Je ne veux évidemment pas dire que le talent du groupe n’avait pas adéquatement été capté par ces sillons : il suffit de se souvenir que Close to Paradise a gagné le Prix Polaris en 2007 et que Wooden Arms était finaliste sur la liste courte pour ce même prix deux ans plus tard. Il y avait néanmoins un gouffre entre le « live » et le studio. Nous voici trois ans plus tard, et voilà que son plus récent opus Adventures in Your Own Backyard vient faire le pont entre ces deux univers.
« Ça a commencé à transparaître sur notre quatrième album et je savais que ce disque serait très important pour nous », explique Watson. « Nous n’avions jamais réussi à capter l’énergie de nos prestations sur scène en studio, et c’est le défi que nous nous étions lancé cette fois-ci. Nous voulions faire un album qui donnerait la chair de poule aux gens, un point c’est tout. »
Adventures in Your Own Backyard est la preuve que c’est mission : accomplie. Le disque dégage une immédiateté tout en maintenant un arc mélodique finement élaboré. C’est indéniablement une aventure musicale de passer de la pièce d’ouverture, la douce « Lighthouse » aux entraînantes « Into Giants » pour terminer avec l’instrumentale qui n’est pas sans rappeler Angelo Badalamenti, « Swimming Pools ». Les personnages qui vivent dans les chansons de Patrick Watson sont vivants, sympathiques et invitants.
« Je suis loin d’être un grand parolier, et c’est en fait ce que je trouve le plus difficile à faire », confie l’artiste. « Mais pour ce disque, je voulais écrire des mots que les gens puissent toucher et de proposer à monsieur et madame tout le monde des aventures qui soient à leur portée. Je n’ai aucune envie d’être le sujet de ma propre écriture. Lorsque j’entends des auteurs-compositeurs raconter les histoires des autres de manière très personnelle, je trouve ça plus intéressant et moins ennuyeux. »

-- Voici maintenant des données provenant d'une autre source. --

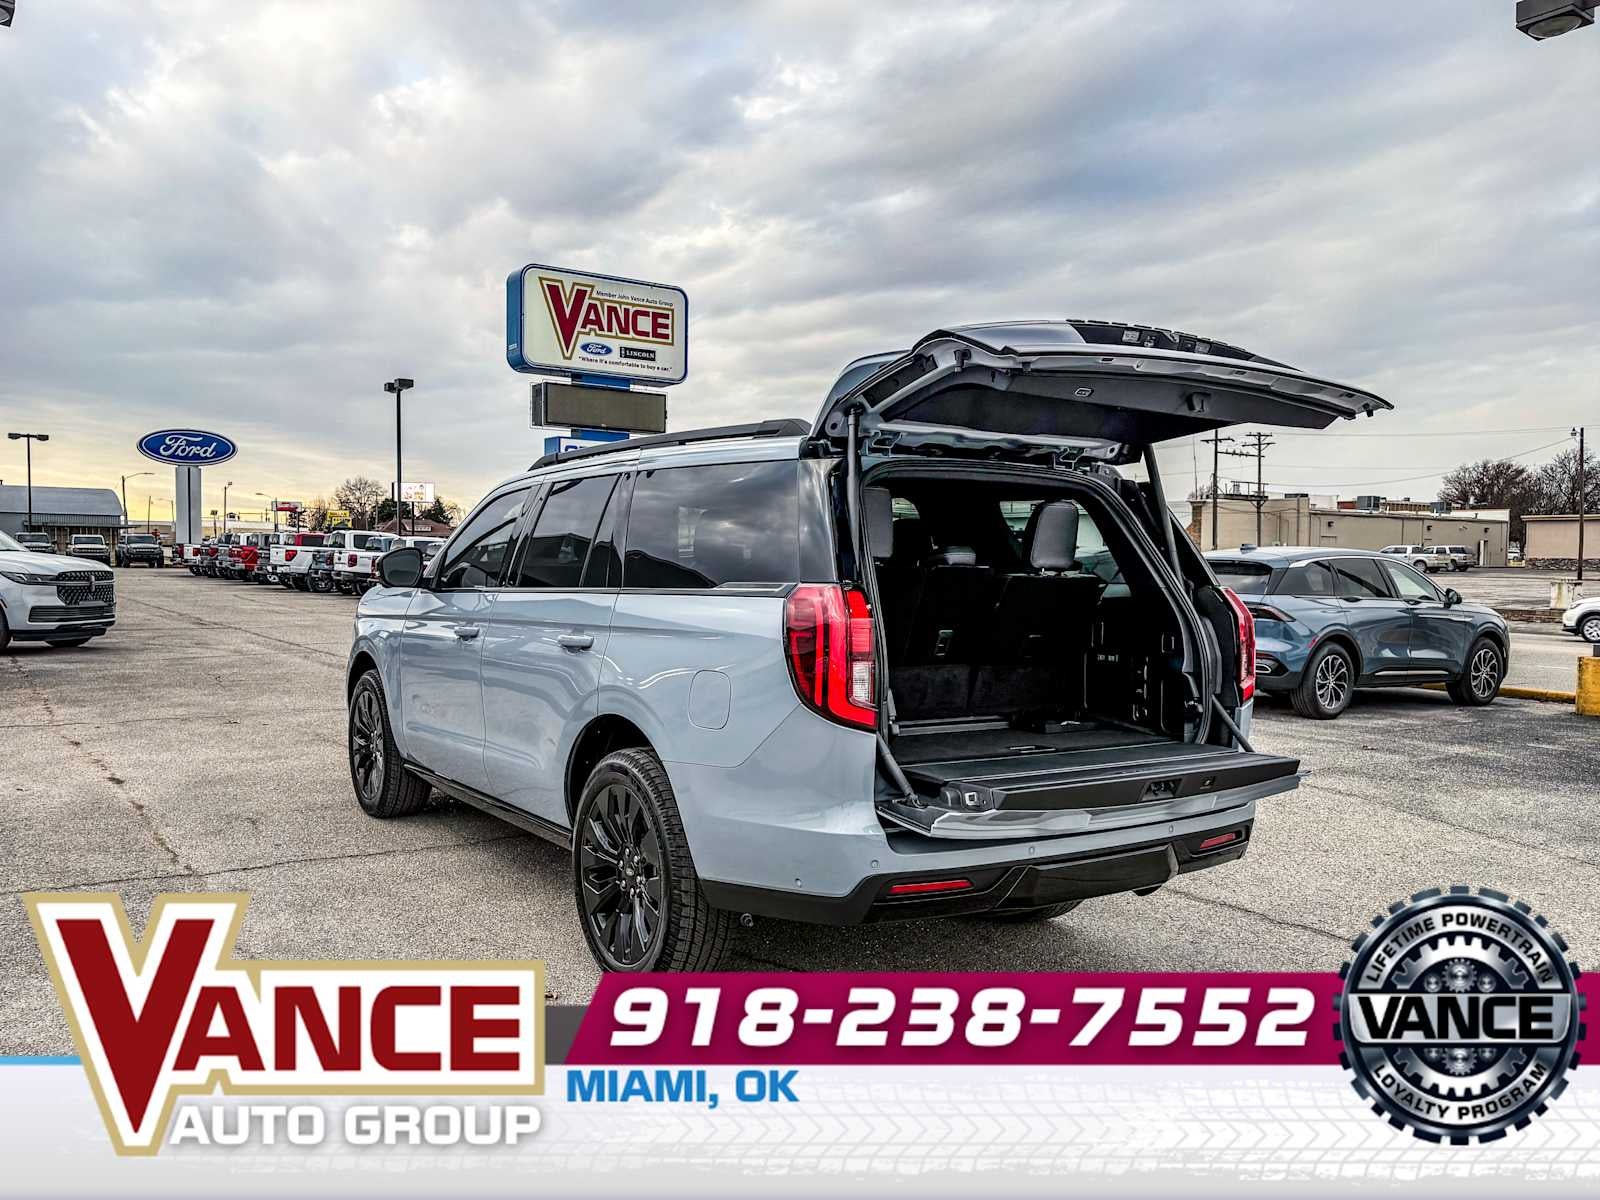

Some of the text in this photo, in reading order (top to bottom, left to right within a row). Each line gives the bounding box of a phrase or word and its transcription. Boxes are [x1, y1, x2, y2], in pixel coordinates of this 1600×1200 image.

[596, 290, 617, 298] Member
[646, 297, 658, 305] Auto
[658, 299, 673, 307] Group
[546, 284, 670, 354] VANCE
[586, 343, 607, 354] Ford
[626, 350, 655, 359] LINCOLN
[608, 360, 639, 368] comfortable
[646, 363, 656, 371] buy
[160, 434, 217, 458] Ford
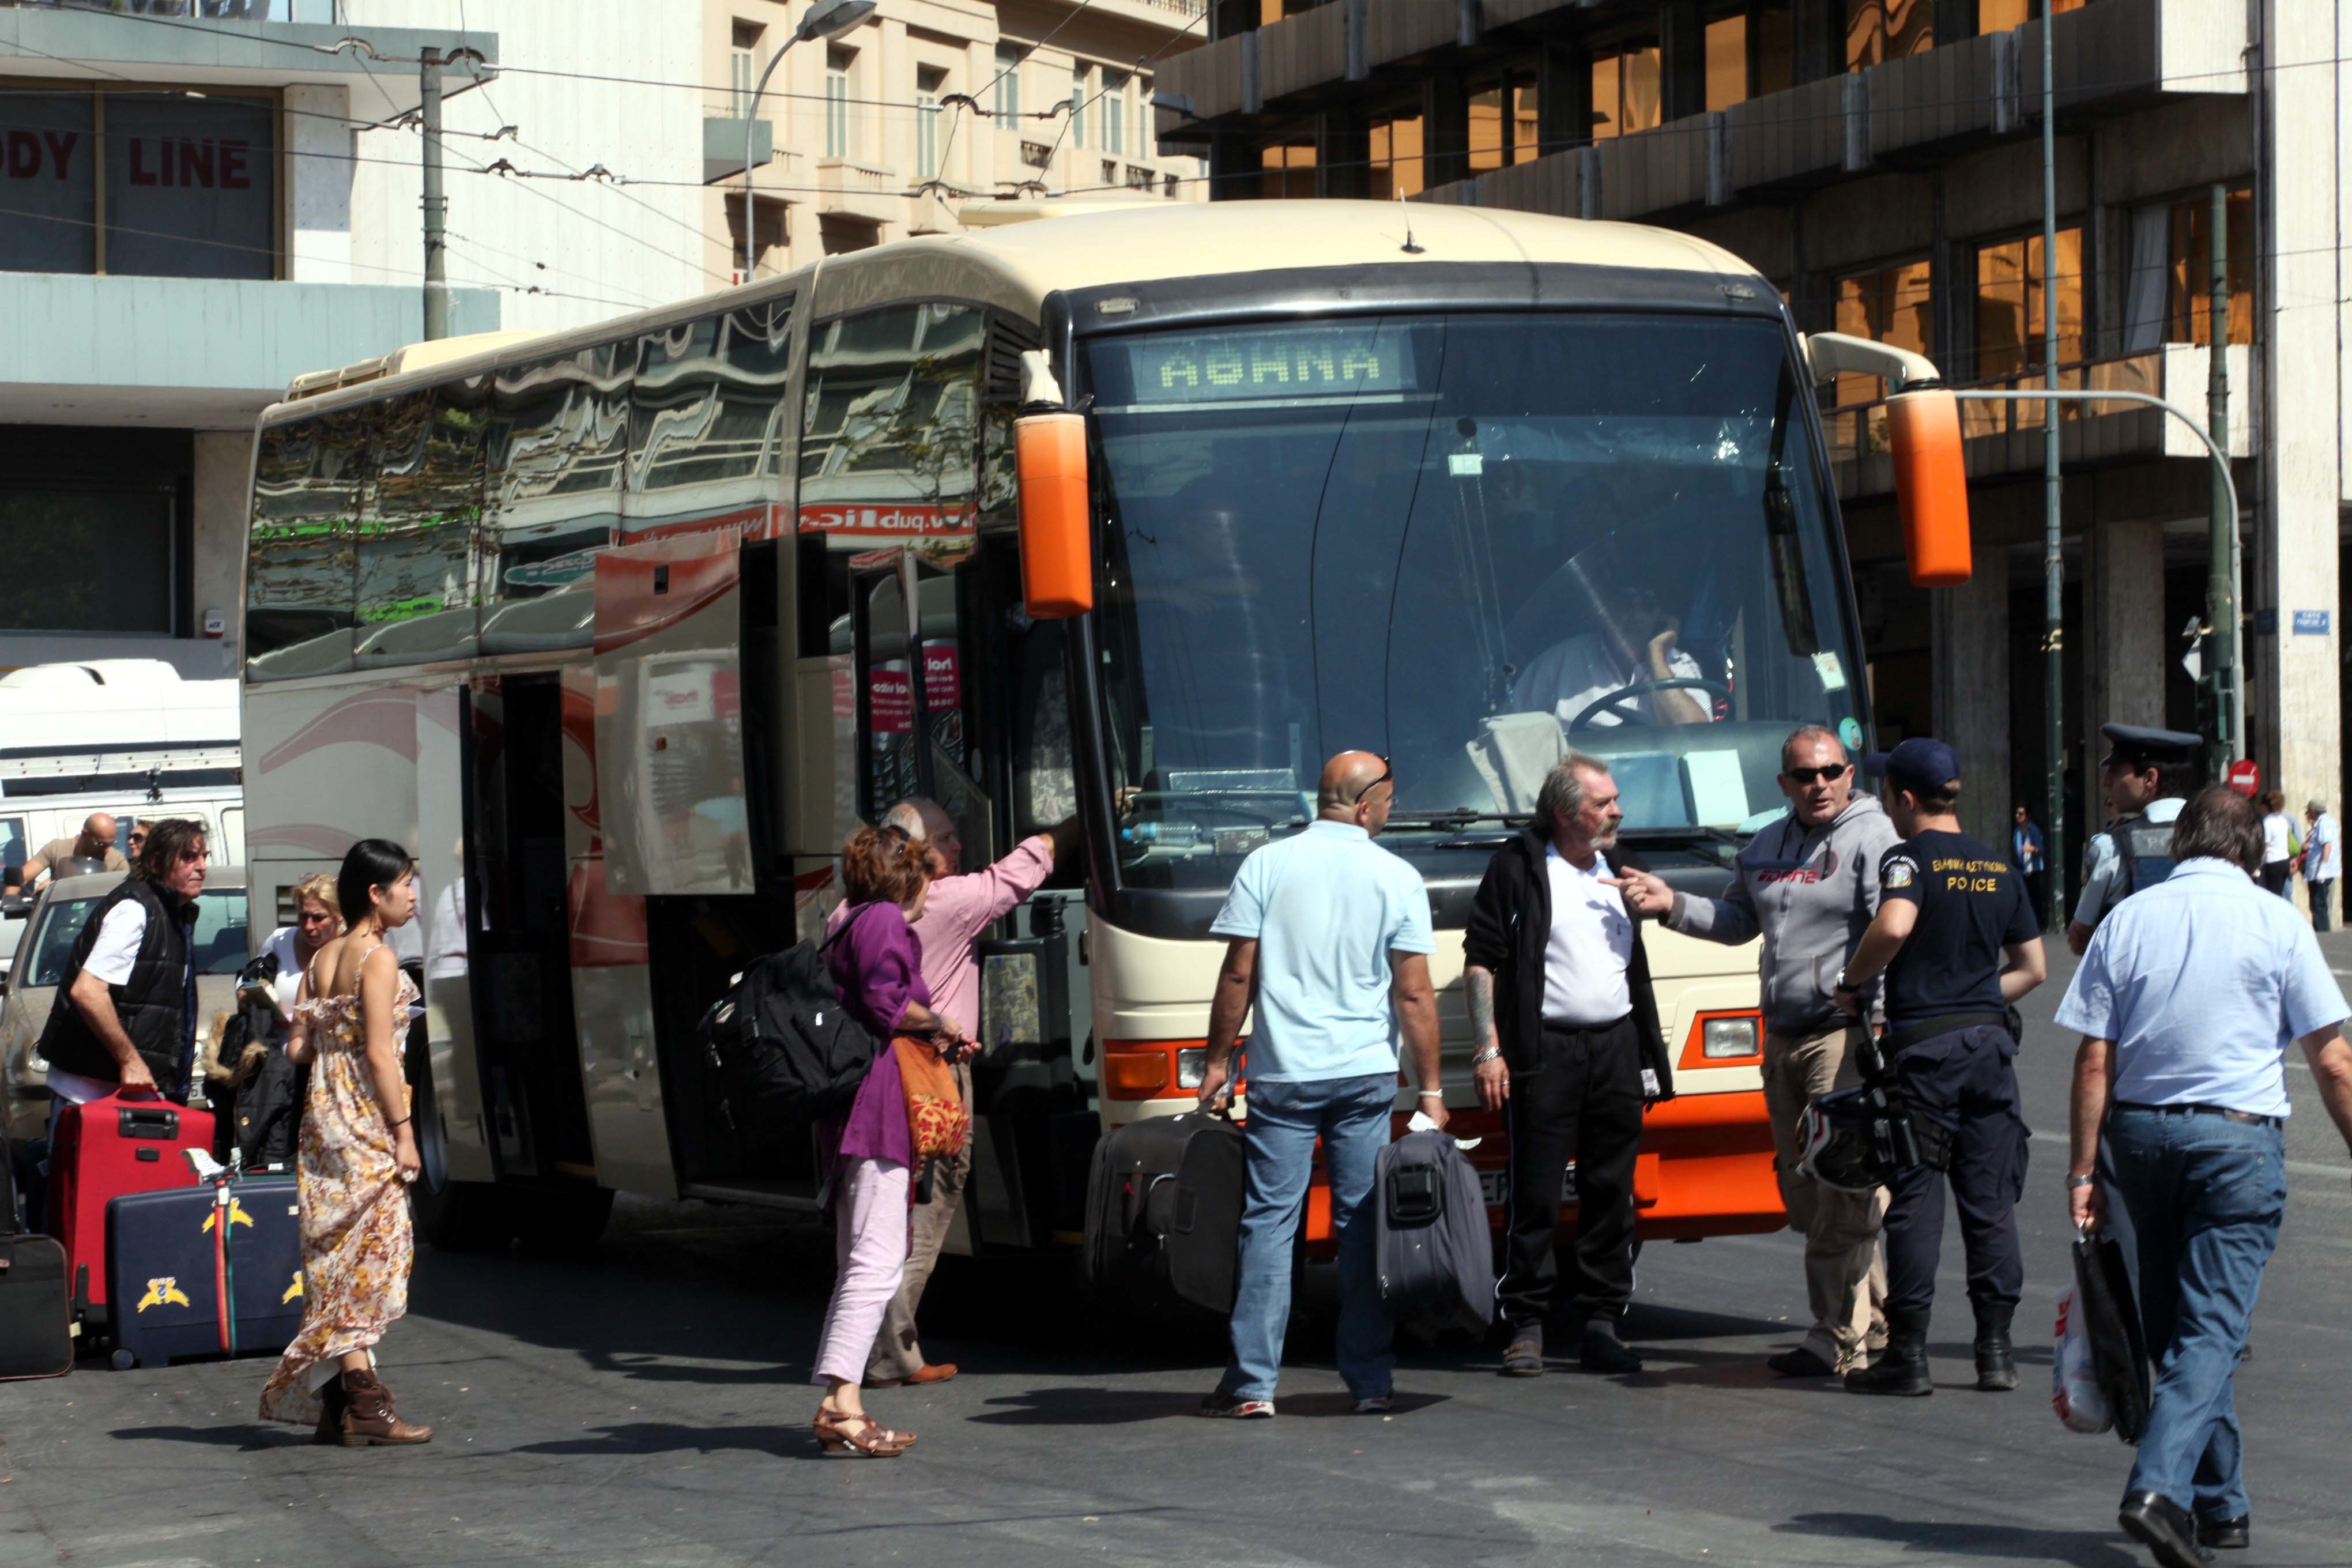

Même si c’est le nom de Patrick Watson qui est sur la marquise, l’apport de son groupe — Simon Angell à la guitare, Robbie Kuster à la batterie et Mishka Stein à la basse — est d’une valeur inestimable. Angell, Kuster et Stein participent à la création des chansons, connaissent leur place dans chacune d’elles et à quel moment prendre l’avant-scène pour le démontrer. Amis depuis leur rencontre à l’école de musique, le groupe n’a pas changé d’un iota depuis sa création il y a plus de 10 ans. Watson s’empresse de souligner que sa musique est tout sauf un projet solo et que bien qu’il en soit la locomotive musicale, la forme finale d’une chanson est bel et bien façonnée à huit mains.
« Beaucoup de gens croient à tort que ce groupe est en fait un truc d’auteur-compositeur, et ça m’irrite sérieusement », poursuit-il. « C’est vraiment important pour nous que chacun d’entre nous puisse contribuer musicalement au groupe. En fin de compte, nous ne pouvons choisir que les 12 meilleures chansons que nous avons à offrir aux gens, et rendu là, ça n’a aucune importance qui en a eu l’idée originale. »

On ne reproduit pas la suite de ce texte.